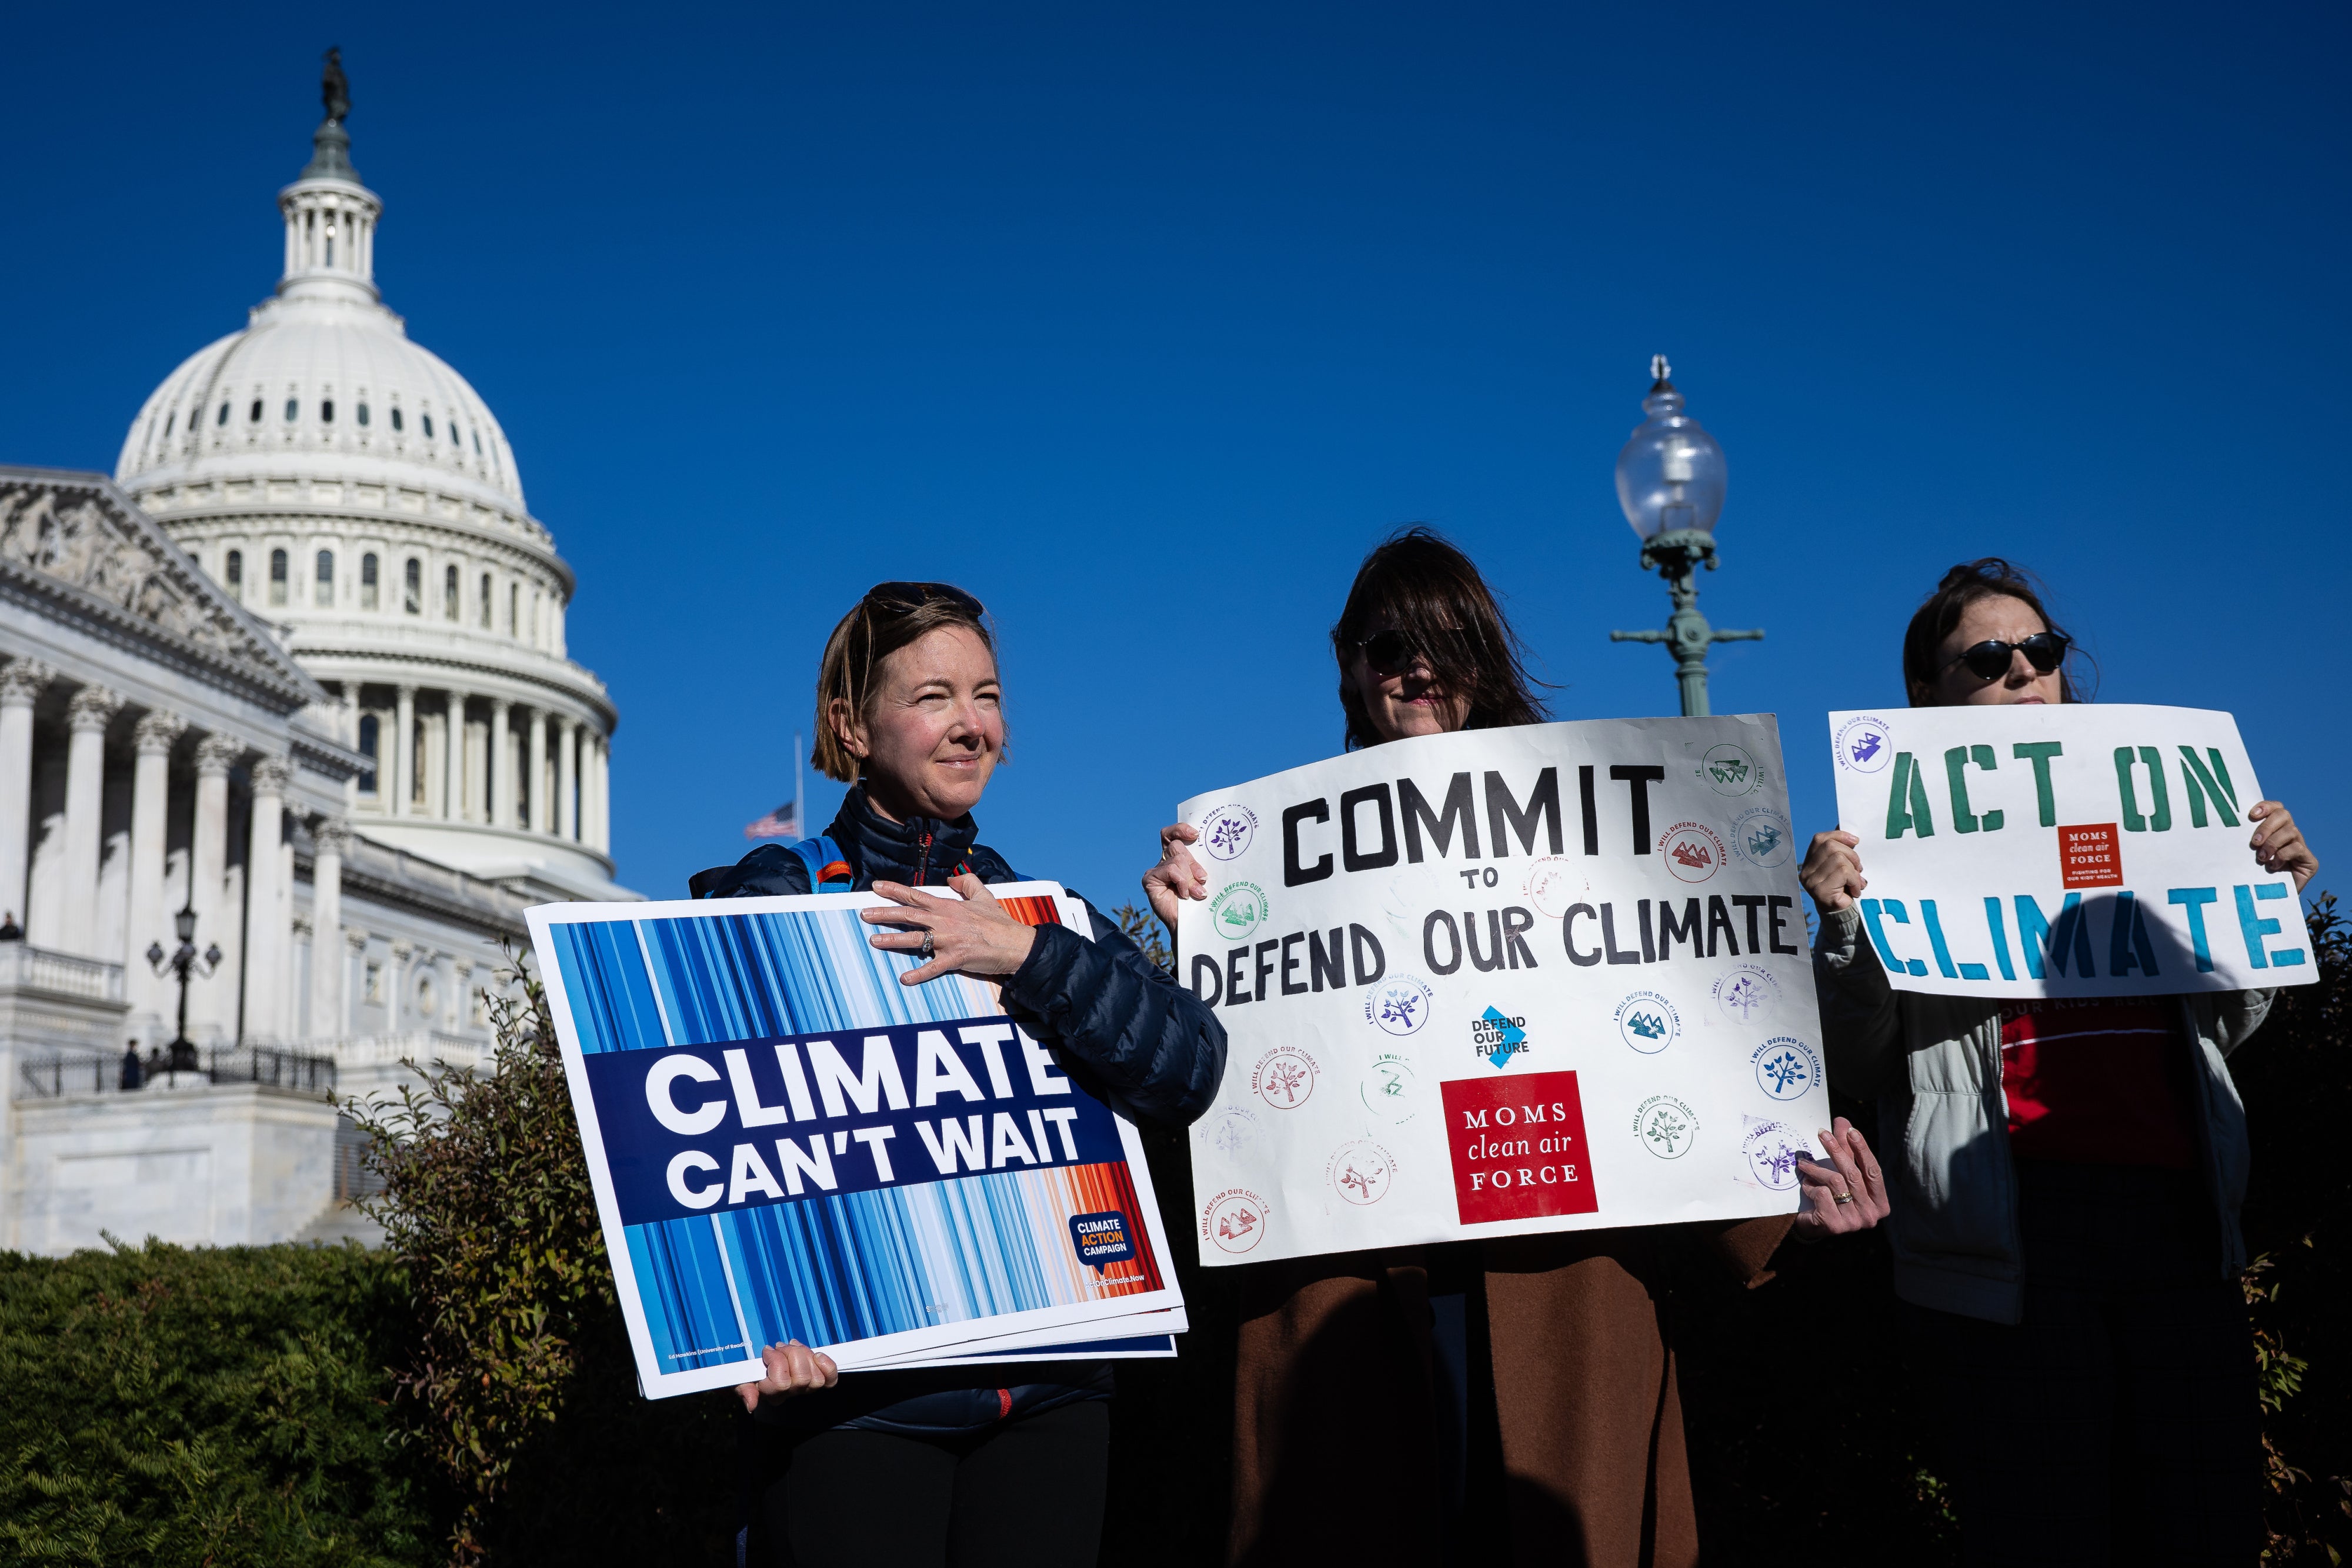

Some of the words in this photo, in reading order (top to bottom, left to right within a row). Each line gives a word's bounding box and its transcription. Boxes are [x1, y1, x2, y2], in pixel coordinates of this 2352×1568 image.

[1863, 716, 1890, 730] CLIMATE
[1835, 725, 1847, 748] DEFEND
[1836, 751, 1846, 766] WILL
[1886, 741, 2063, 839] ACT
[2113, 745, 2240, 832] ON
[1283, 765, 1664, 888] COMMIT
[1730, 814, 1744, 838] DEFEND
[1762, 808, 1787, 822] CLIMAT
[1659, 832, 1670, 846] WILL
[1670, 822, 1697, 832] DEFEND
[1699, 825, 1713, 836] OUR
[1713, 836, 1726, 866] CLIMATE
[2069, 831, 2108, 841] MOMS
[2070, 842, 2093, 853] clean
[2095, 842, 2110, 851] air
[2070, 855, 2111, 864] FORCE
[1460, 867, 1498, 889] TO
[1211, 892, 1224, 908] WILL
[1224, 882, 1248, 893] DEFEND
[1250, 883, 1261, 893] OUR
[1860, 882, 2306, 981] CLIMATE
[1192, 922, 1386, 1009] DEFEND
[1423, 906, 1538, 976] OUR
[1563, 895, 1798, 966] CLIMATE
[1366, 978, 1386, 1000] DEFEND
[1407, 975, 1433, 997] CLIMATE
[1712, 979, 1721, 993] WILL
[1615, 1001, 1626, 1016] WILL
[1626, 991, 1652, 1001] DEFEND
[1655, 994, 1669, 1005] OUR
[1472, 1016, 1526, 1032] DEFEND
[1474, 1031, 1504, 1044] OUR
[1476, 1041, 1529, 1057] FUTURE
[1298, 1050, 1320, 1075] CLIMATE
[1752, 1044, 1767, 1059] WILL
[1767, 1037, 1797, 1045] DEFEND
[1799, 1042, 1812, 1055] OUR
[1811, 1056, 1821, 1087] CLIMATE
[645, 1024, 1070, 1135] CLIMATE
[1463, 1102, 1566, 1129] MOMS
[1638, 1096, 1661, 1113] DEFEND
[1468, 1134, 1530, 1160] clean
[1539, 1131, 1572, 1153] air
[666, 1125, 895, 1209] CAN'T
[915, 1107, 1078, 1174] WAIT
[1470, 1165, 1578, 1190] FORCE
[1205, 1192, 1225, 1215] DEFEND
[1246, 1191, 1270, 1214] CLITE
[1077, 1219, 1120, 1233] CLIMATE
[1082, 1230, 1124, 1246] ACTION
[1084, 1243, 1127, 1256] CAMPAIGN
[1085, 1275, 1145, 1289] ActOnClimate.Now
[698, 1346, 723, 1355] (University
_ _ _ _ _ _ _
**INSTRUCTIONS TO FOLLOW**
Which lines of the data contain the word "MOMS"? Copy each one.

**WRITTEN SOLUTION**
[2069, 831, 2108, 841] MOMS
[1463, 1102, 1566, 1129] MOMS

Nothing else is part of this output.